Segment Open

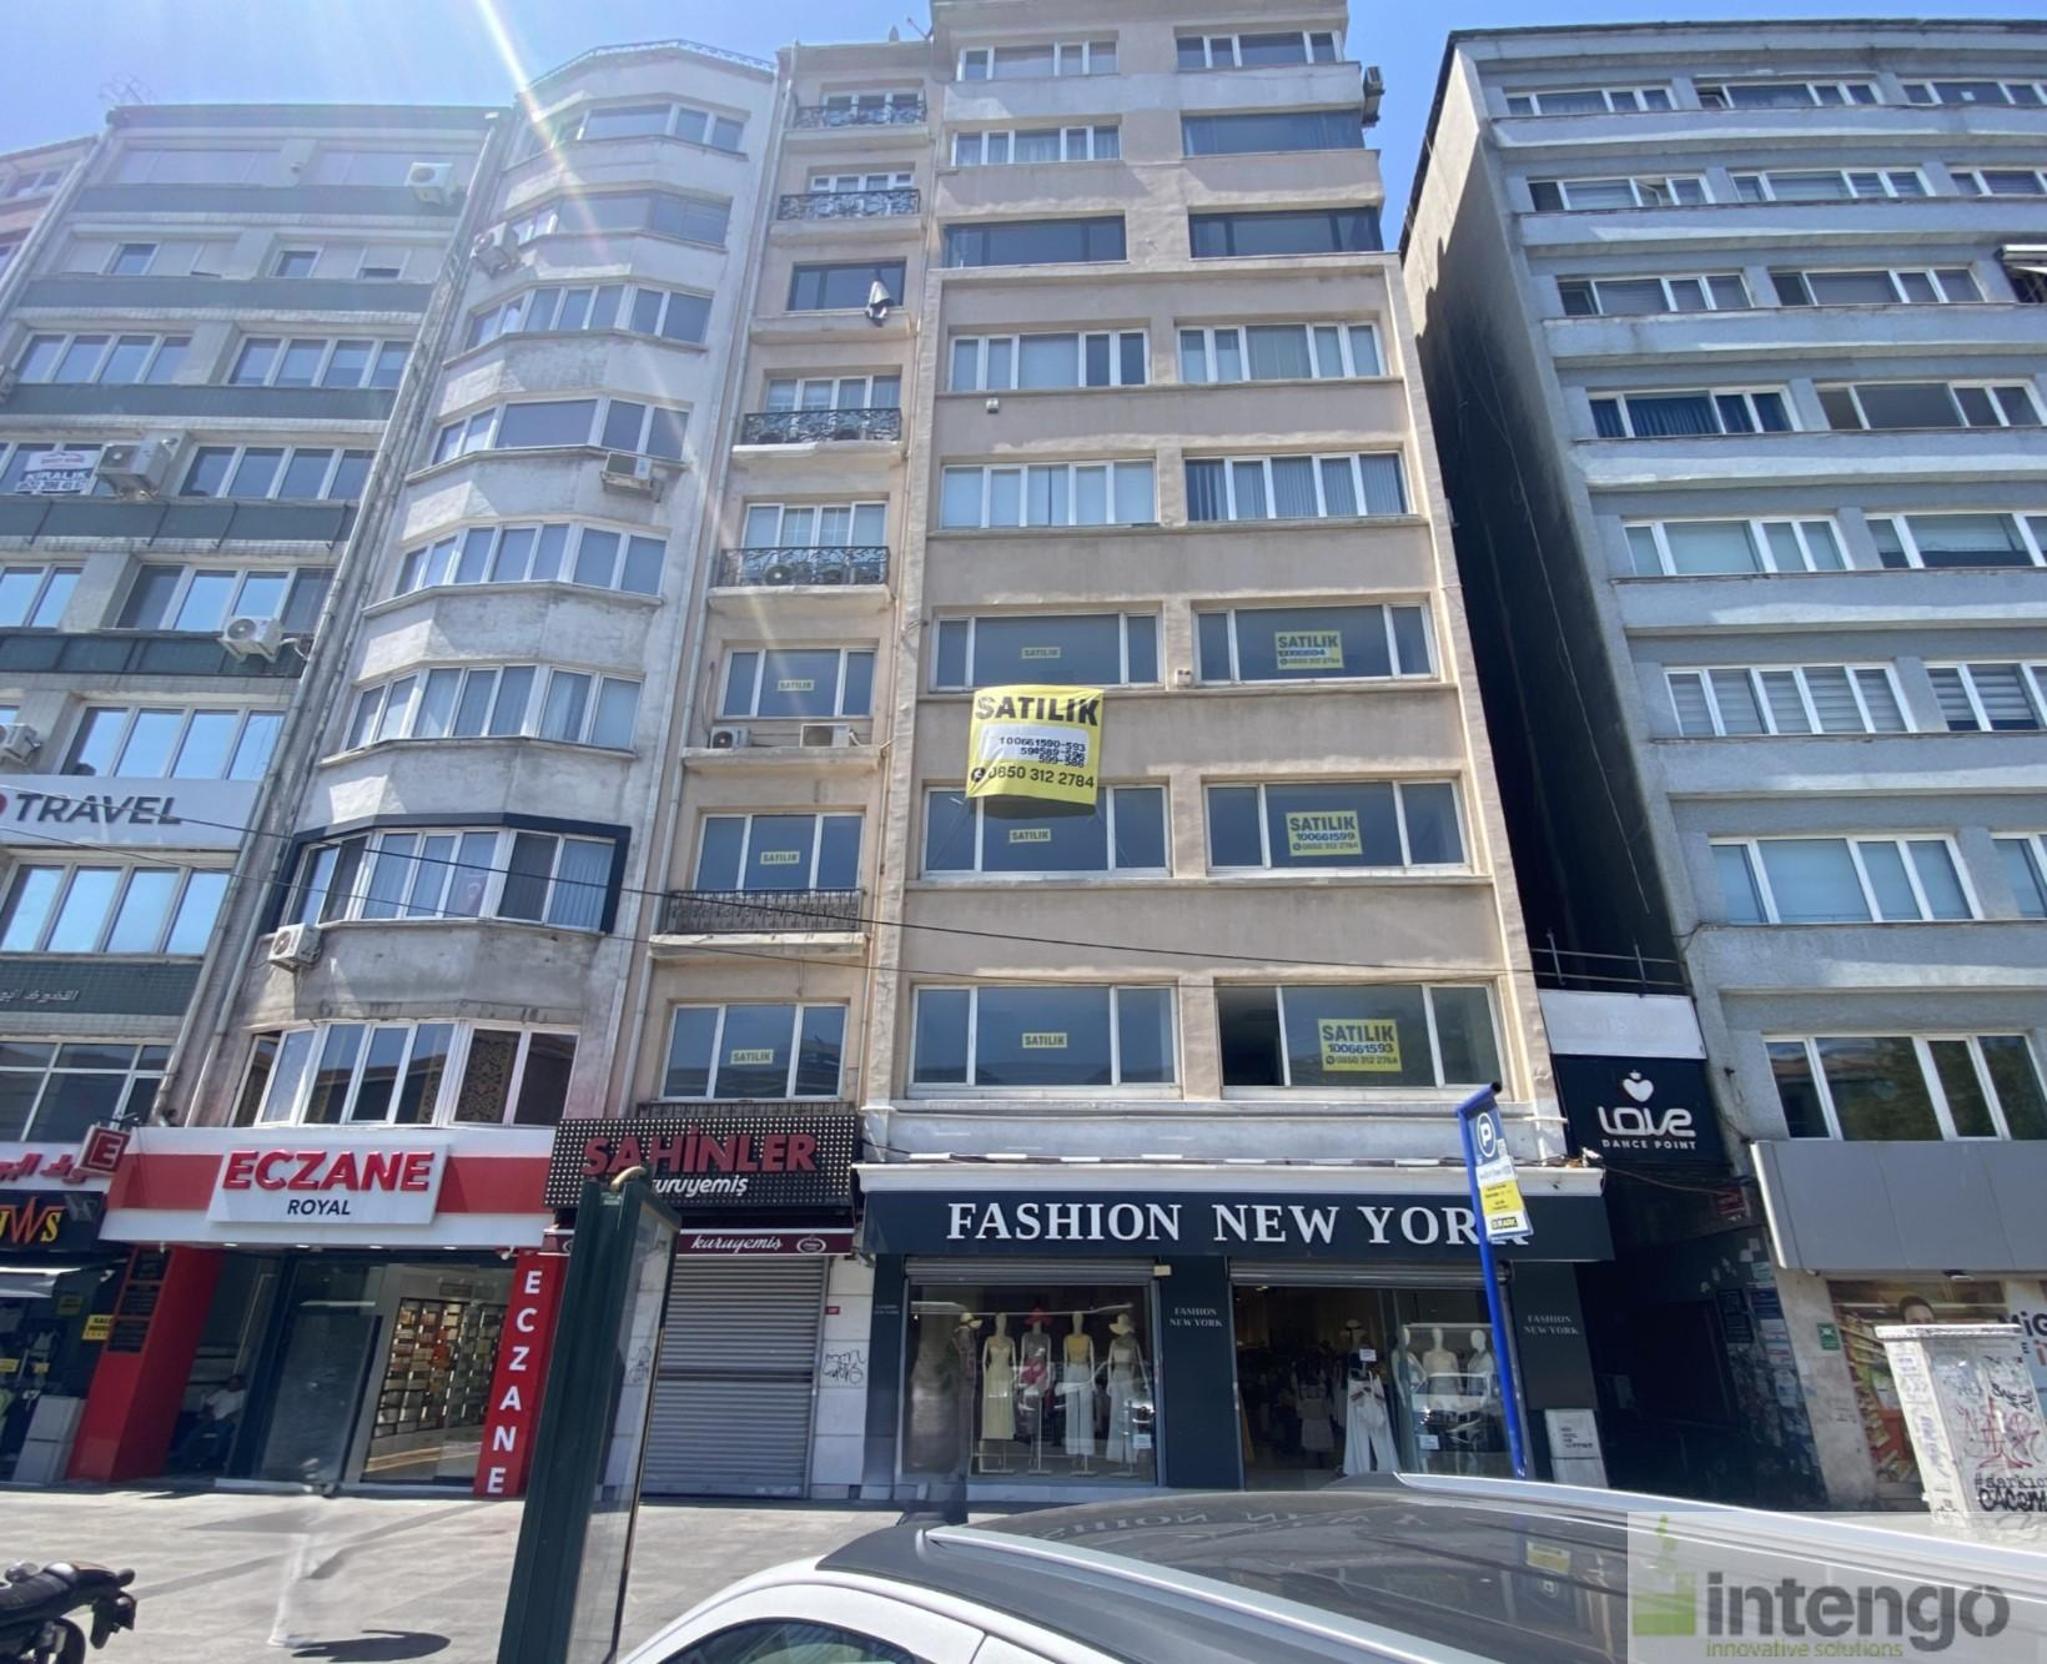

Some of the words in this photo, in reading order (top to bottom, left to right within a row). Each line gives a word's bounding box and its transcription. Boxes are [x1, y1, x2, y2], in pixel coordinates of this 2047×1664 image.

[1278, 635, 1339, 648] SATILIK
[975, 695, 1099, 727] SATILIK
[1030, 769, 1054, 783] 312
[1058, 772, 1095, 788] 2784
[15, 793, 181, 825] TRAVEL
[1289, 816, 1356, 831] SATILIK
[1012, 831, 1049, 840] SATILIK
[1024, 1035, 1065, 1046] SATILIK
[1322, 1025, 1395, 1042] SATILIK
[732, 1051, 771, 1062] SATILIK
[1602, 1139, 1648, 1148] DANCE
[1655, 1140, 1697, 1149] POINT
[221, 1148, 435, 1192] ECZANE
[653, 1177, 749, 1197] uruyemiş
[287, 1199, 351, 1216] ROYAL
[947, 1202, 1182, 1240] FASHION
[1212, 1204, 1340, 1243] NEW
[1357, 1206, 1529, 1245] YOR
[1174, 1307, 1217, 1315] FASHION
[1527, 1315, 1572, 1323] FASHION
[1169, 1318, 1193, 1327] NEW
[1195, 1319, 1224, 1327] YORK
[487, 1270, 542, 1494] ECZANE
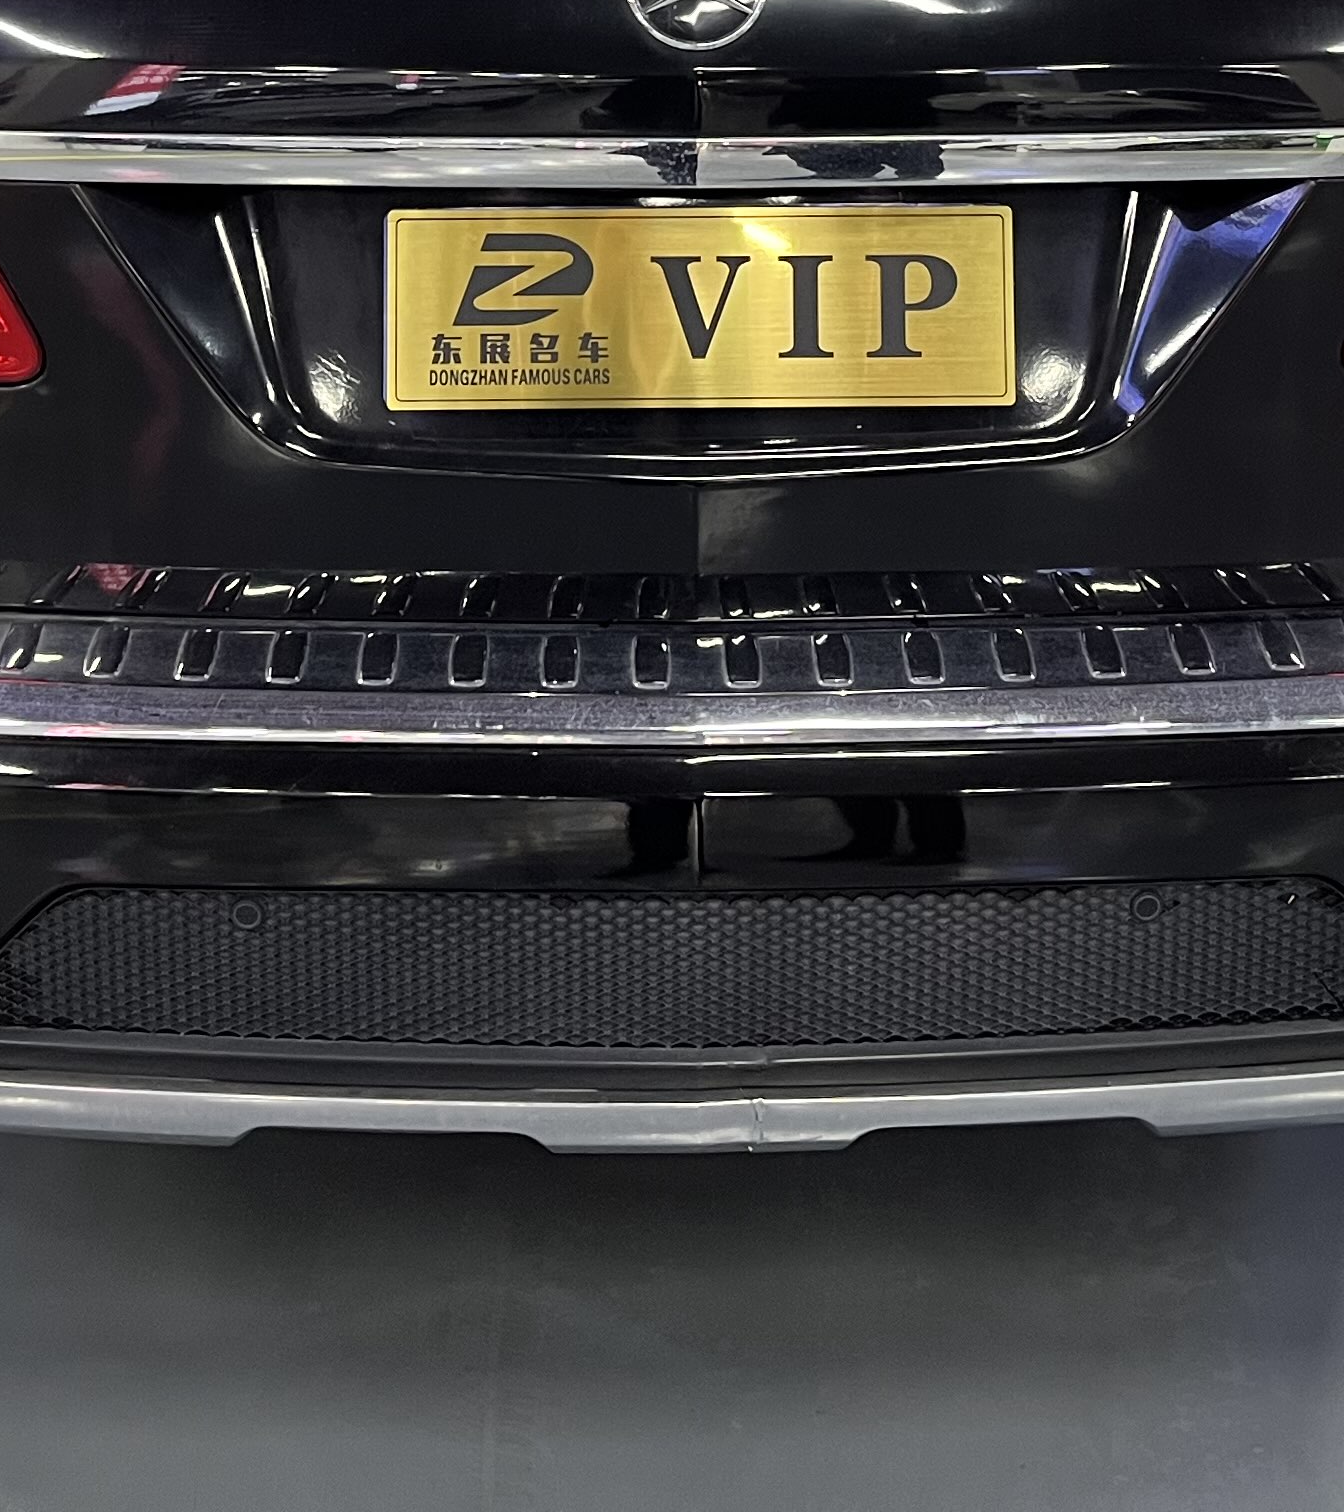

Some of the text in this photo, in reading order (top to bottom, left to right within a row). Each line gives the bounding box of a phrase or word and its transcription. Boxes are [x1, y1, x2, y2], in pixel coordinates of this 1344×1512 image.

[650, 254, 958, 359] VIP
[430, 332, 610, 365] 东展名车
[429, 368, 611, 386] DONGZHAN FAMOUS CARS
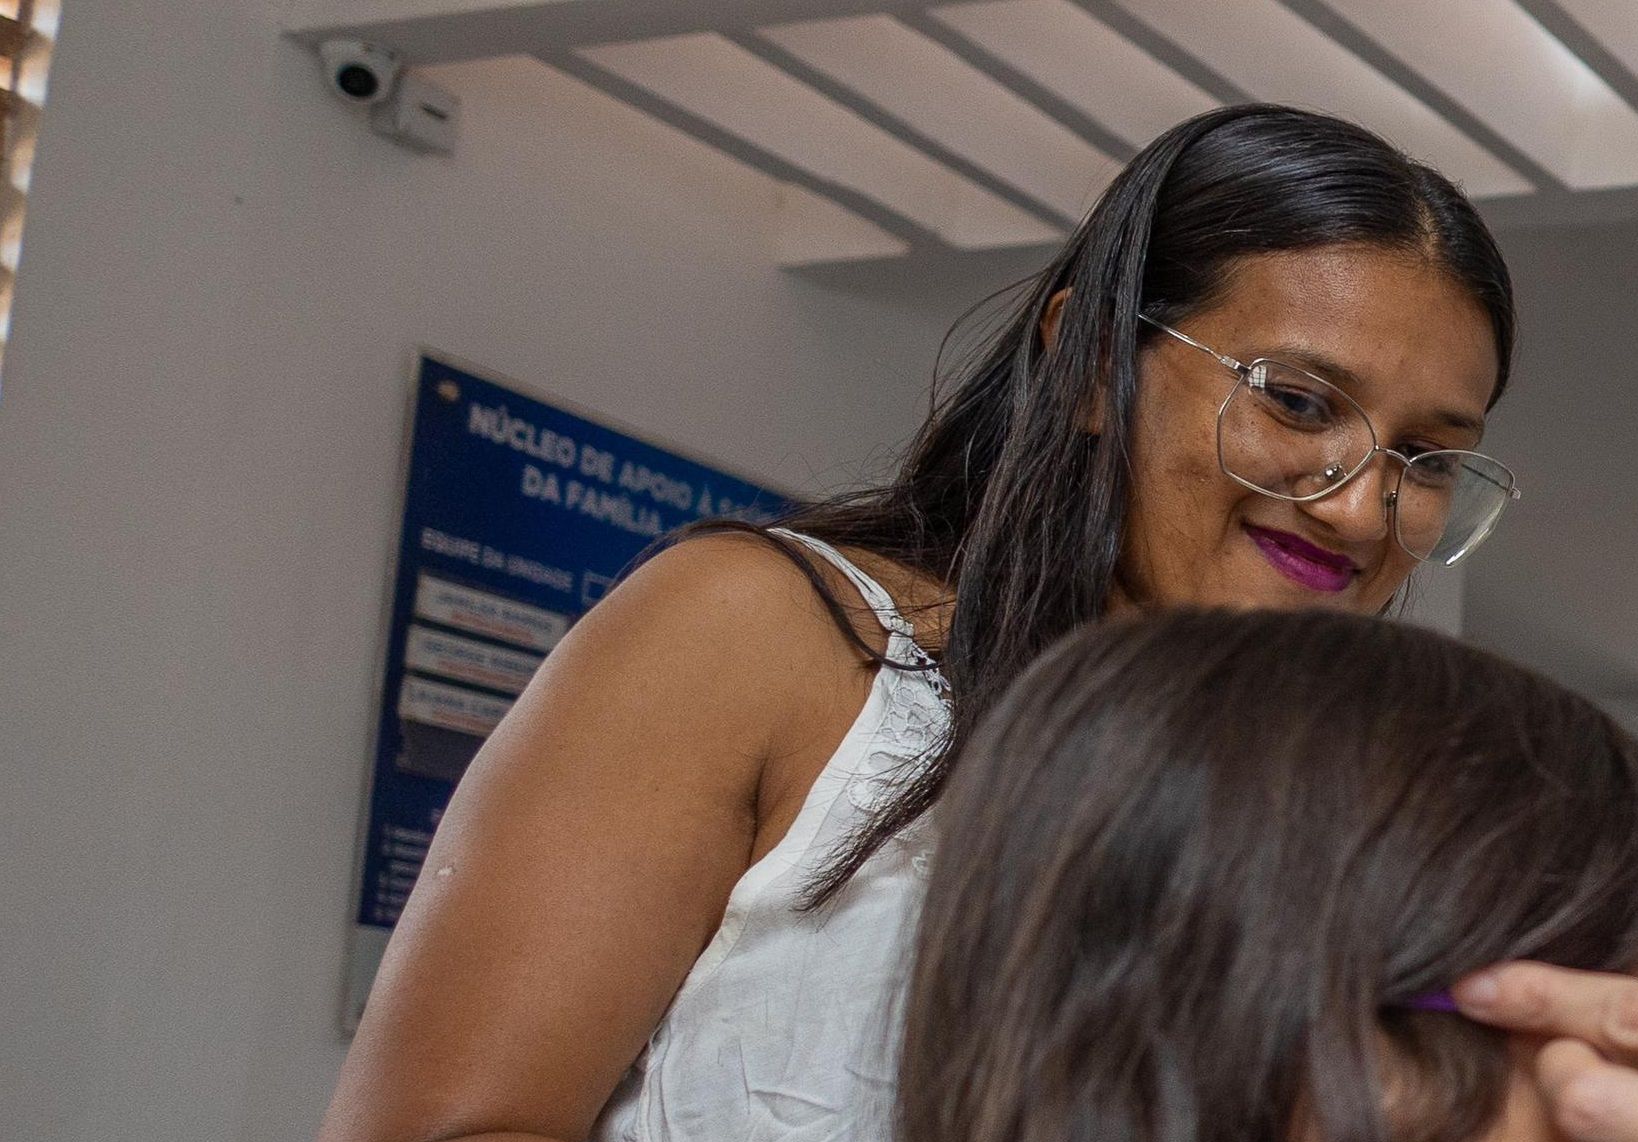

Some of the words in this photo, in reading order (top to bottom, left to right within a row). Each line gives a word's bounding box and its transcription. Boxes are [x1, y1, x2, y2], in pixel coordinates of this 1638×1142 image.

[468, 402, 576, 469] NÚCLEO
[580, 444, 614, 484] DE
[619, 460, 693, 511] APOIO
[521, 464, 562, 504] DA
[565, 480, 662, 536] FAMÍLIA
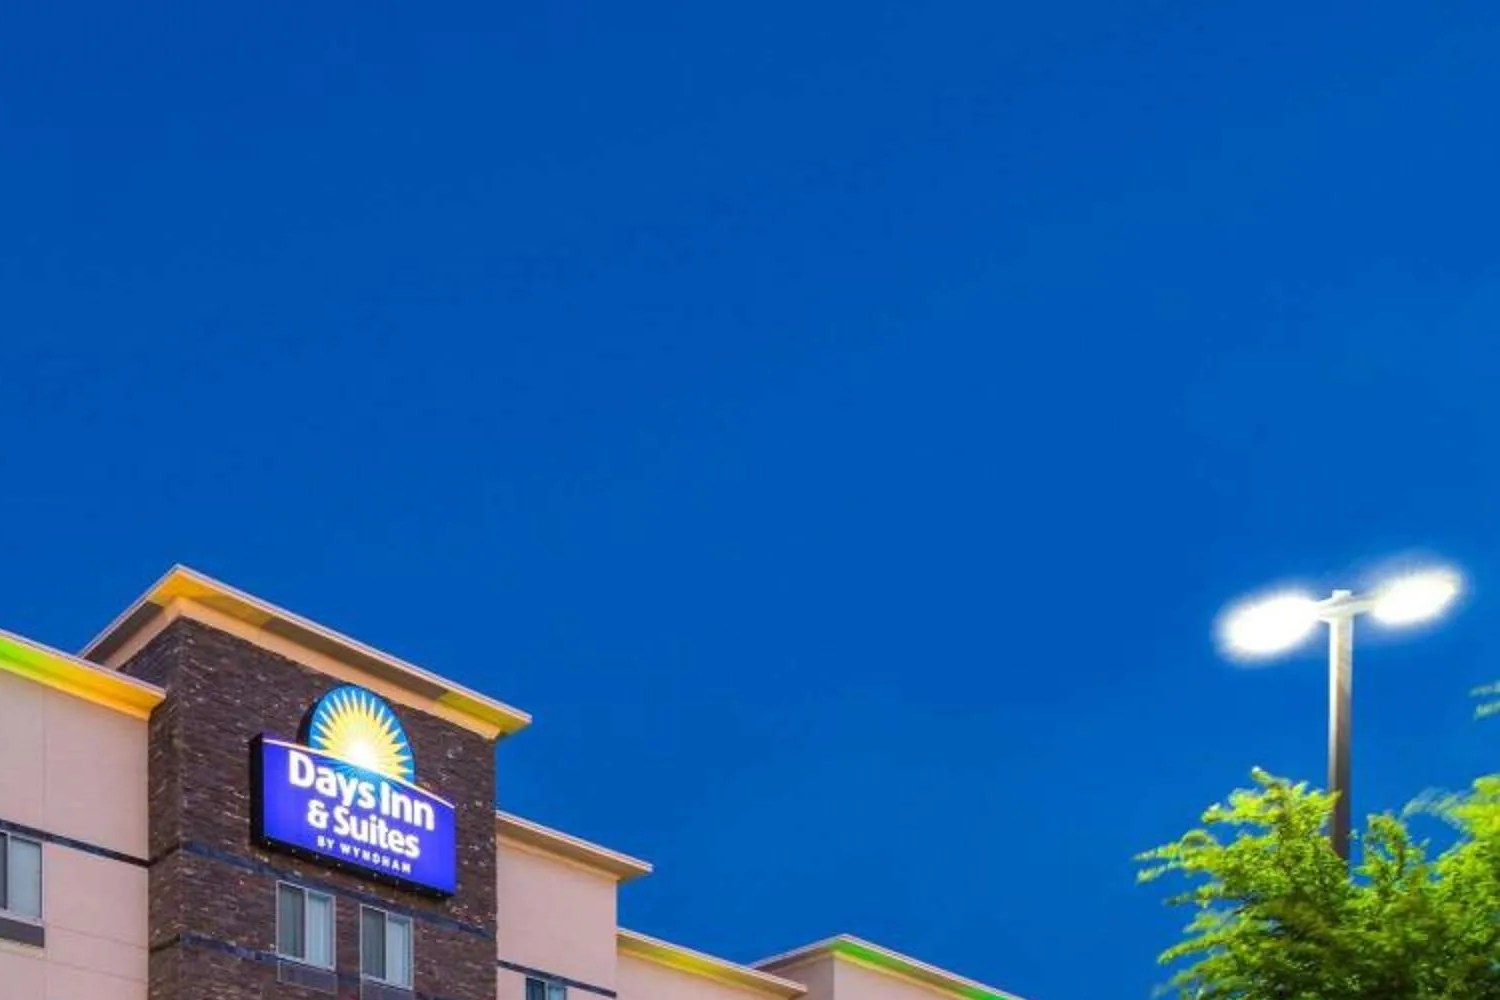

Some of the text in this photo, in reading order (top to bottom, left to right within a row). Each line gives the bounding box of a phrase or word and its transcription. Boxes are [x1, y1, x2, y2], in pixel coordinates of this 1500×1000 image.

Segment Closed

> TASK GOAL:
Write out the line that contains "this 1638×1142 image." and every line after it to the end of the data, exactly as they stand. Omit the pictures.

> RESULT OF THE TASK:
Some of the words in this photo, in reading order (top to bottom, left to right within a row). Each line gives a word's bounding box and its transcription. Boxes are [x1, y1, x2, y2], in pixel coordinates of this 1638×1142 image.

[468, 402, 576, 469] NÚCLEO
[580, 444, 614, 484] DE
[619, 460, 693, 511] APOIO
[521, 464, 562, 504] DA
[565, 480, 662, 536] FAMÍLIA

Some of the text in this photo, in reading order (top to bottom, left to right within a row). Each line gives the bounding box of a phrase or word and its transcription. Boxes are [x1, y1, x2, y2], in pixel coordinates of this 1500×1000 image.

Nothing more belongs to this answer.